- Naša velika pjesmarica cover

Studio album by Vesna Pisarović
- Released: 11 November 2016
- Recorded: 28–29 November 2015
- Genre: Jazz
- Length: 58:05
- Language: Croatian
- Labels: Jazzwerkstatt; PDV Records;
- Producer: Vesna Pisarović

Vesna Pisarović chronology
| With Suspicious Minds (2012) | The Great Yugoslav Songbook (2016) | Petit Standard (2019) |

Singles from The Great Yugoslav Songbook
- "Balada" Released: 2016; "Bijela lađa plovi morem" Released: 2017; "Nogometna utakmica" Released: 2018;

= The Great Yugoslav Songbook =

The Great Yugoslav Songbook is the seventh studio album and second jazz album by Croatian singer and songwriter Vesna Pisarović. The album was released in two versions, for international and Croatian market. The international version was released through Jazzwerkstatt on 11 November 2016. The domestic version Naša velika pjesmarica was released through PDV Records on 19 April 2017.
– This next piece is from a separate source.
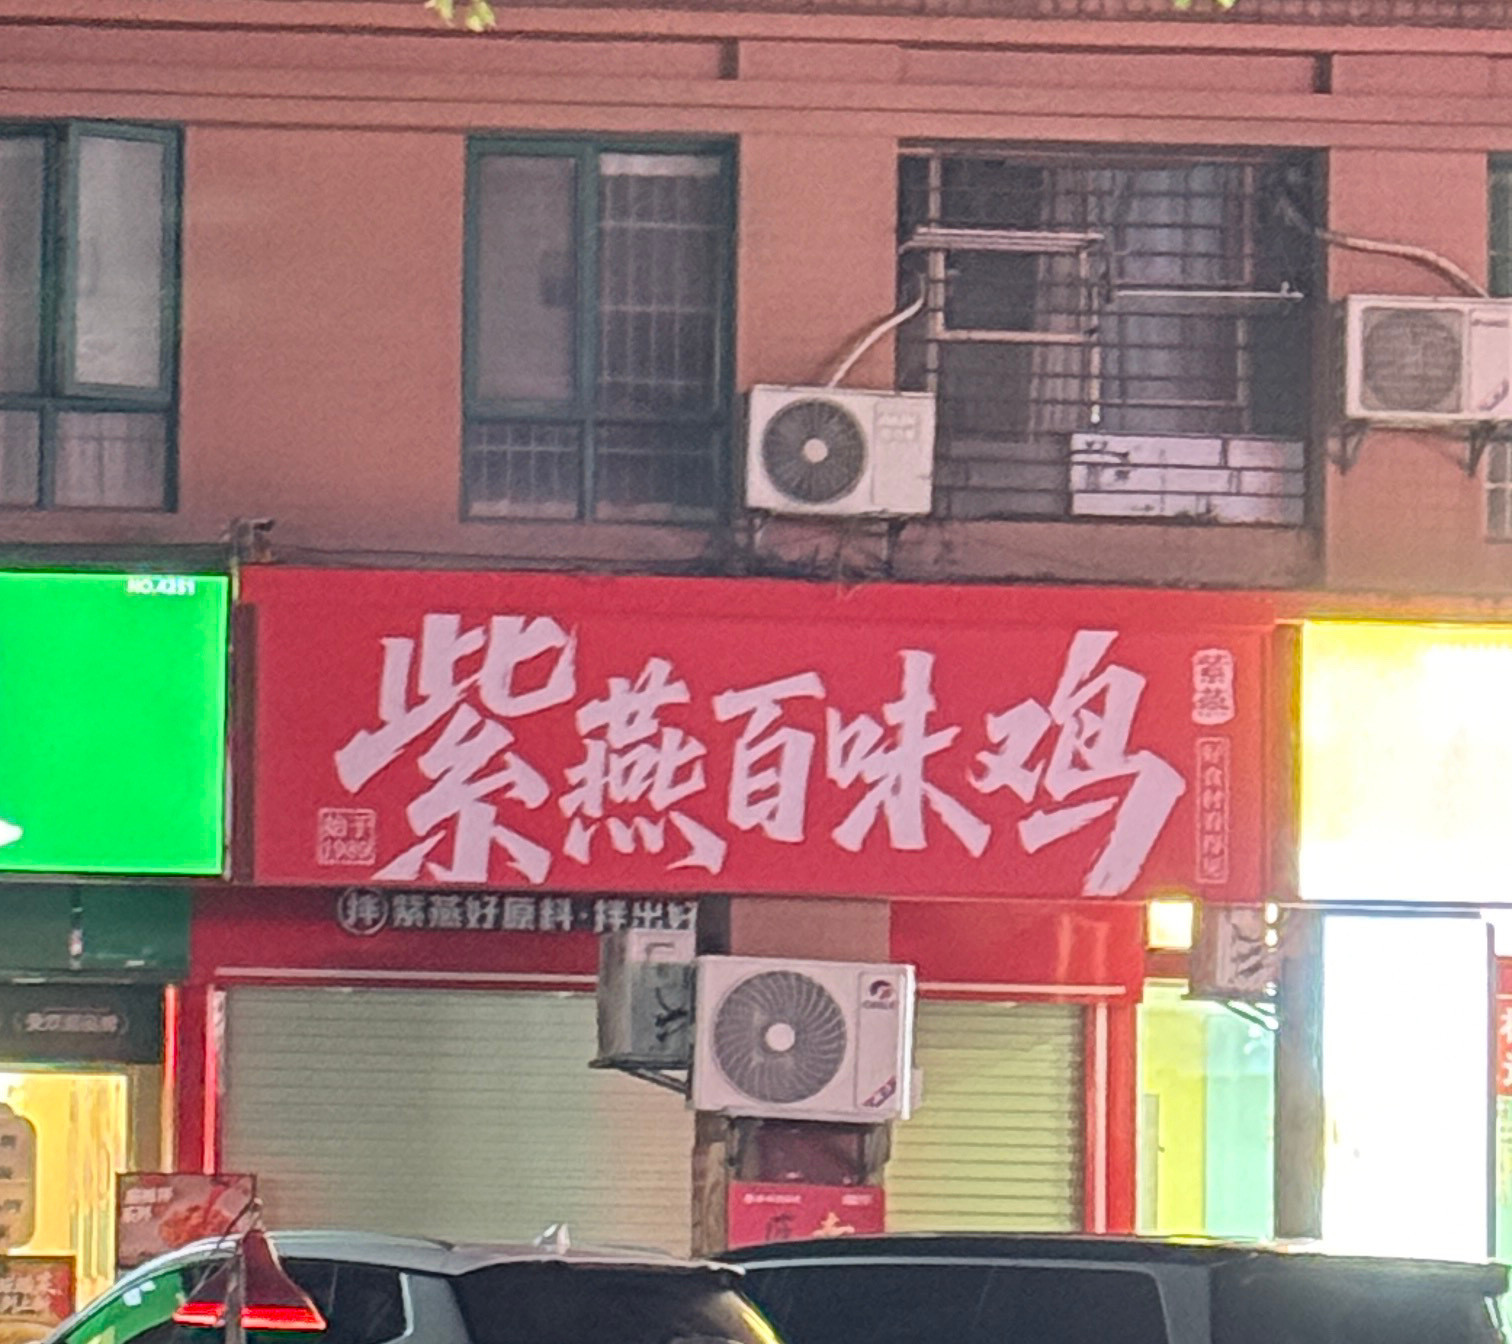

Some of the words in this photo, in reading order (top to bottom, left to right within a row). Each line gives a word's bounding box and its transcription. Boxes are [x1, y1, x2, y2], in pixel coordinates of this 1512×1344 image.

[334, 613, 1186, 897] 紫燕百味鸡
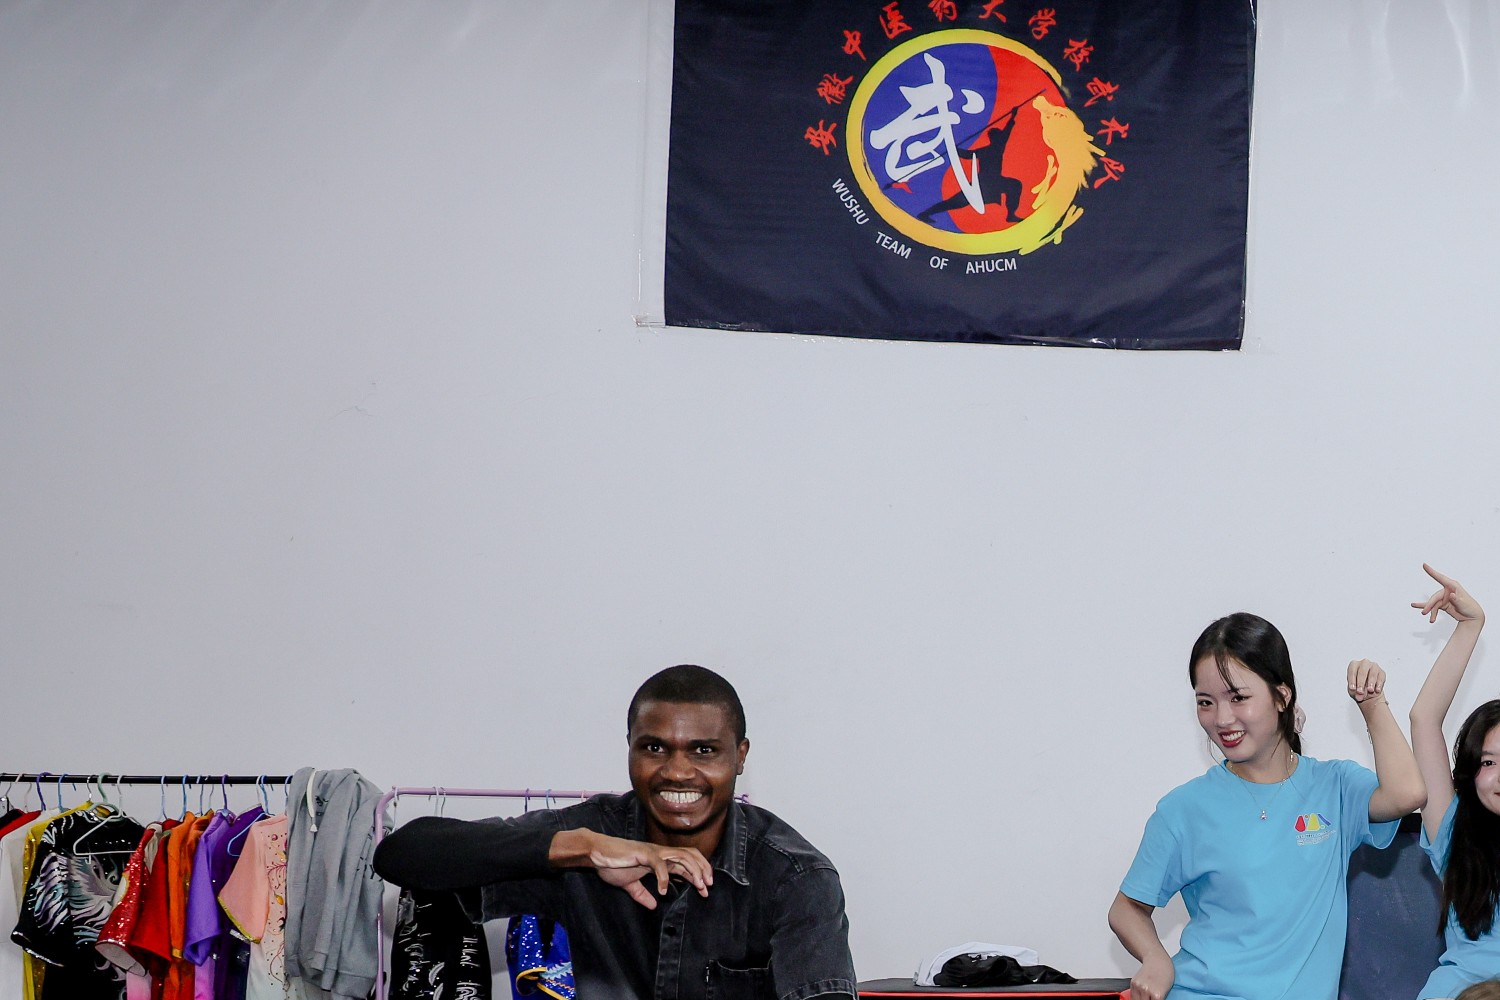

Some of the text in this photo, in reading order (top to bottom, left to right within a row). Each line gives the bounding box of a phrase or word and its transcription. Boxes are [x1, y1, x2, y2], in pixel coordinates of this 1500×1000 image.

[869, 53, 985, 214] 武
[832, 178, 1017, 274] WUSHU TEAM OF AHUCM
Conceptualized as a satire of the Great American Songbook, the album contains cover versions of popular popular Yugoslav songs from the 1950s, 1960s and early 1970s. In addition to featuring cover versions of Yugoslav songs, Naša velika pjesmarica stands as a significant artistic departure for Vesna Pisarović, marking her return to singing in her native Croatian language.

== Background ==
On 5 June 2012, Vesna Pisarović released her sixth studio album, With Suspicious Minds marking her debut in the jazz genre. This artistic transition marked a significant departure from her previous pop-oriented works and marked the inception of a new phase in her career. The album did not feature any original compositions; instead, they exclusively comprised cover versions of songs originally performed by Elvis Presley. Over the subsequent years, Pisarović actively participated in numerous jazz concerts, with a notable concentration of performances in Germany and Croatia. In late 2015, she initiated the production of her forthcoming second jazz album.

== Recording ==
In a late 2016 interview with tportal, Pisarović disclosed her longstanding ambition to release an album featuring Yugoslav classics, a project she had contemplated for the past decade. She revealed that her pursuit of this endeavor commenced in earnest when she crossed paths with Maja Perfijeva, a Croatian lyricist known for her contributions to some of Indexi's songs.

In contrast to her preceding album, this release was recorded over two studio sessions in November 2015. It features renditions of popular Yugoslav songs from the 1950s, 1960s and early 1970's such as Arsen Dedić, Tereza Kesovija and Indexi. Additionally, this album marked Pisarović's return to singing in her native language, Croatian. The album was recorded in Berlin, where she had been residing for several years. She collaborated with a diverse group of international jazz musicians such as Ulli Blobel during the recording process. In an interview with Ziher.hr, Pisarović elaborated on the selection process for the songs, explaining that "I was looking for songs that immediately resonated with her, without much overthinking. I simply took a song, reharmonized it, and tried singing it".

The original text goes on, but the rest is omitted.